Could you set down the listing below exactly, leaving out its pictures?

-- Data shown --
<<<<
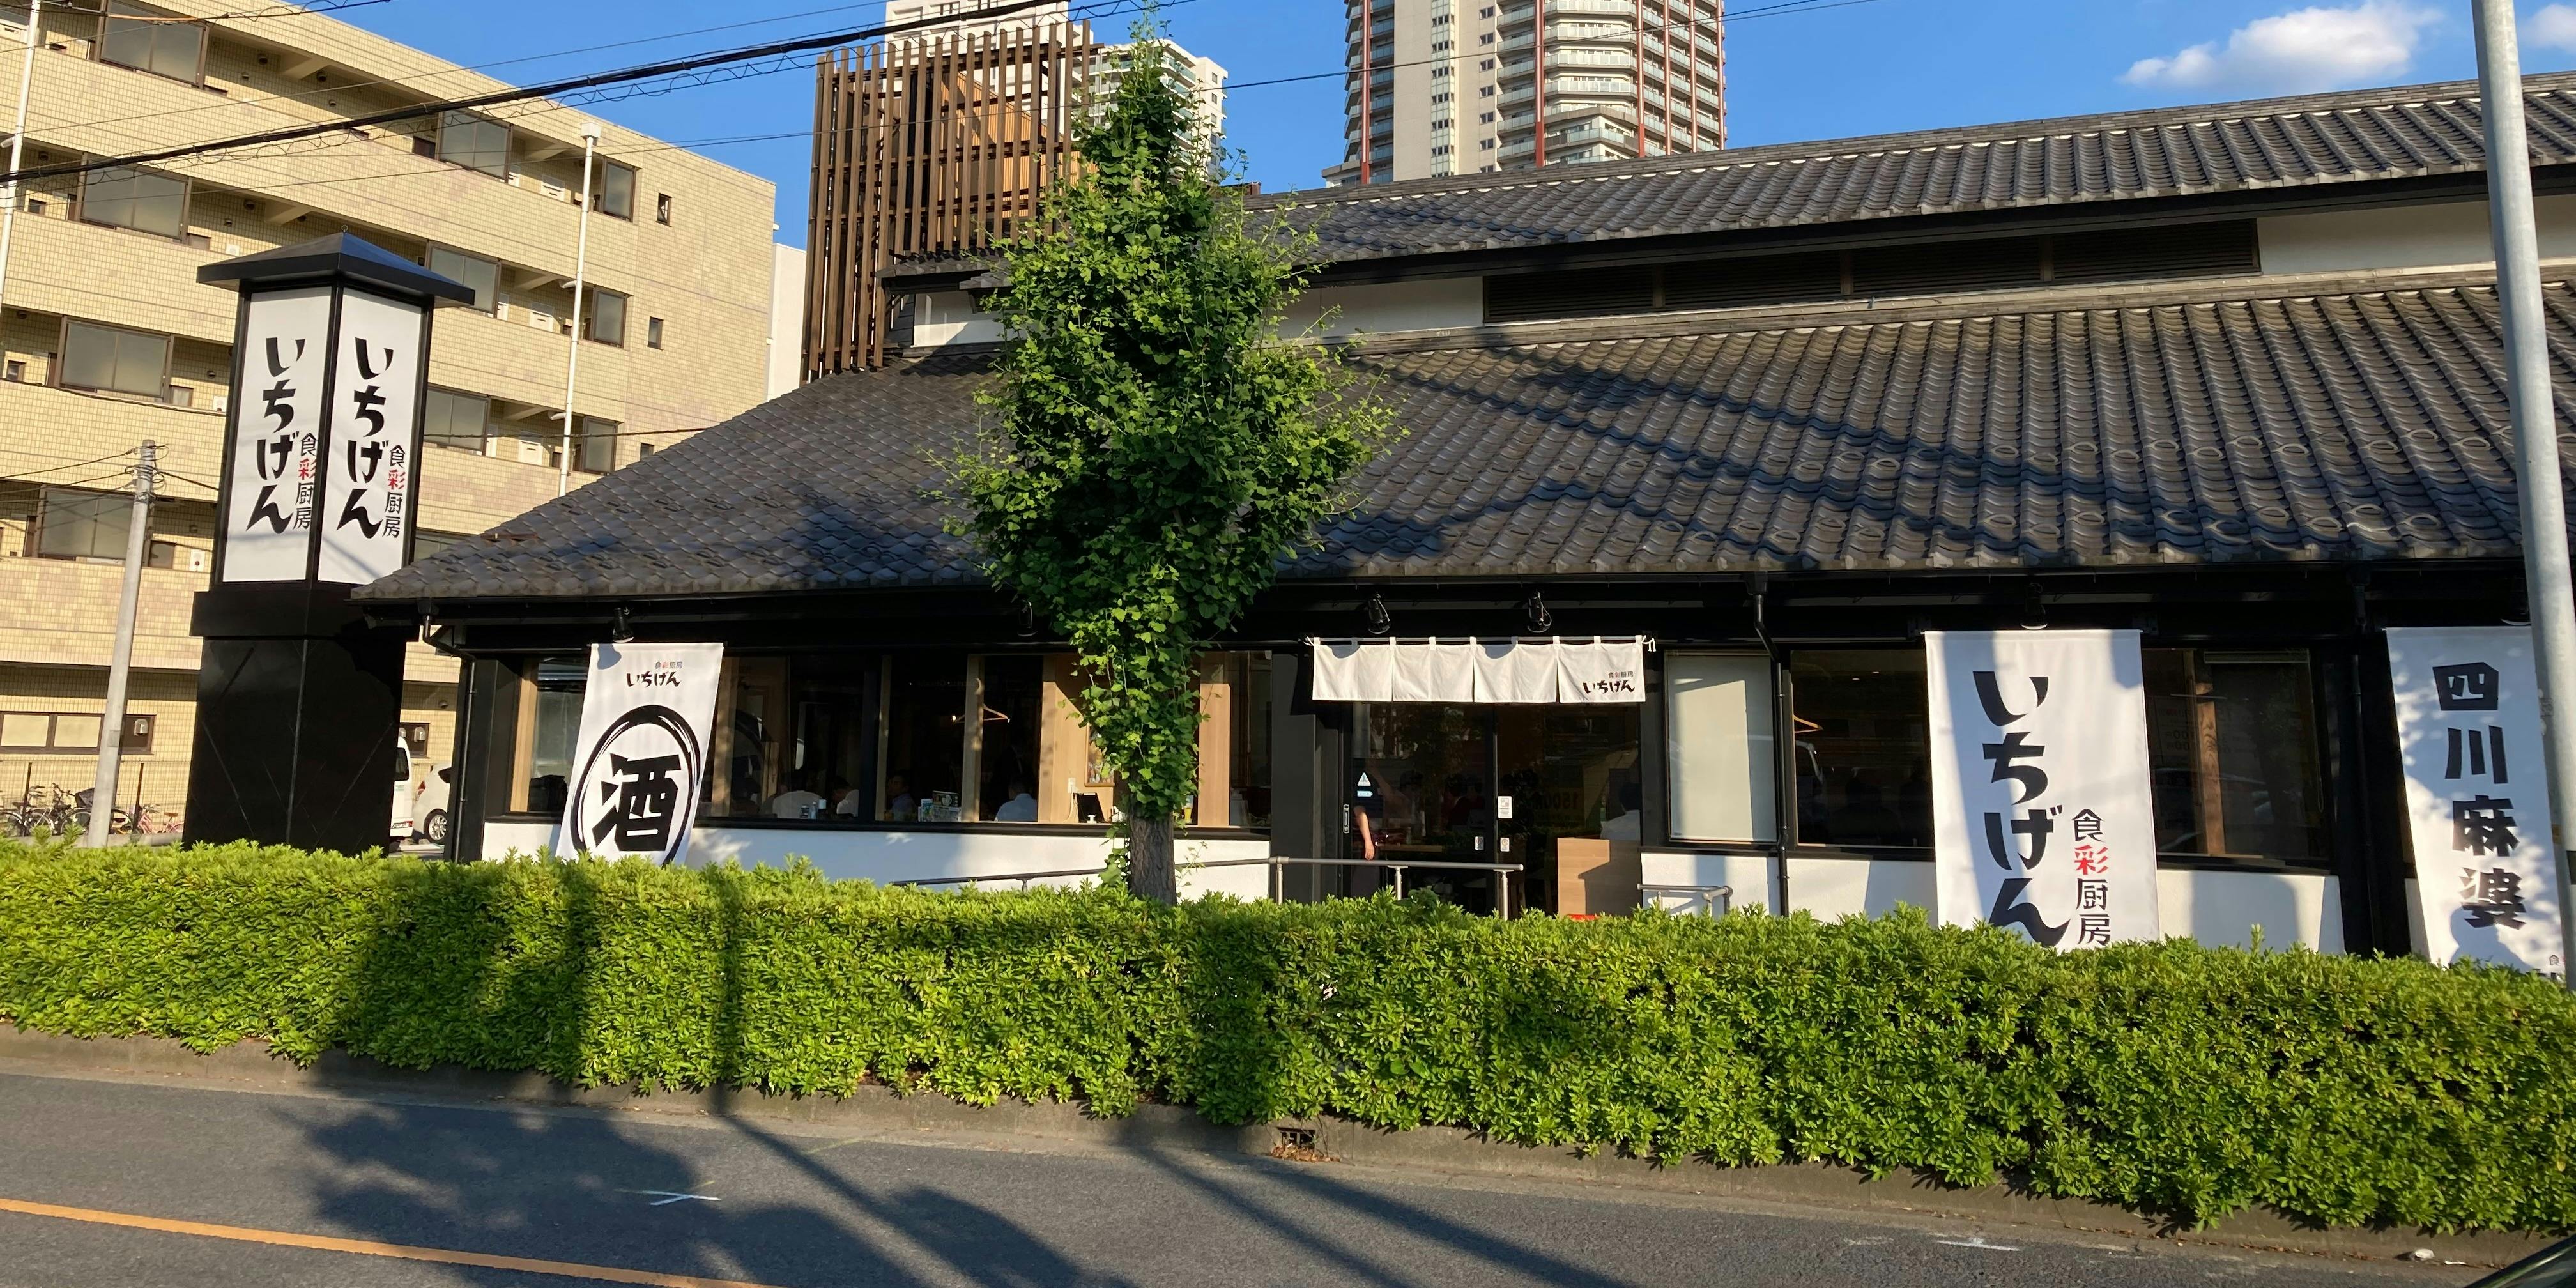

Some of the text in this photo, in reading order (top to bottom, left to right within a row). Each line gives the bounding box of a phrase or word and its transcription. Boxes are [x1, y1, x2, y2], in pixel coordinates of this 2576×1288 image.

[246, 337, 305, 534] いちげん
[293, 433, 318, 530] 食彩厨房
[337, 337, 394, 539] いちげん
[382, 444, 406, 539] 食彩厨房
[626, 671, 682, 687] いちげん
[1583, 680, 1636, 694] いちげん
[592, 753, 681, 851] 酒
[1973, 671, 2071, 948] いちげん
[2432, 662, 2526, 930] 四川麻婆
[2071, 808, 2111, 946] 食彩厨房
>>>>
-- Completed exercise --
Some of the text in this photo, in reading order (top to bottom, left to right within a row). Each line gives the bounding box of a phrase or word and its transcription. Boxes are [x1, y1, x2, y2], in pixel coordinates of this 2576×1288 image.

[246, 337, 305, 534] いちげん
[293, 433, 318, 530] 食彩厨房
[337, 337, 394, 539] いちげん
[382, 444, 406, 539] 食彩厨房
[626, 671, 682, 687] いちげん
[1583, 680, 1636, 694] いちげん
[592, 753, 681, 851] 酒
[1973, 671, 2071, 948] いちげん
[2432, 662, 2526, 930] 四川麻婆
[2071, 808, 2111, 946] 食彩厨房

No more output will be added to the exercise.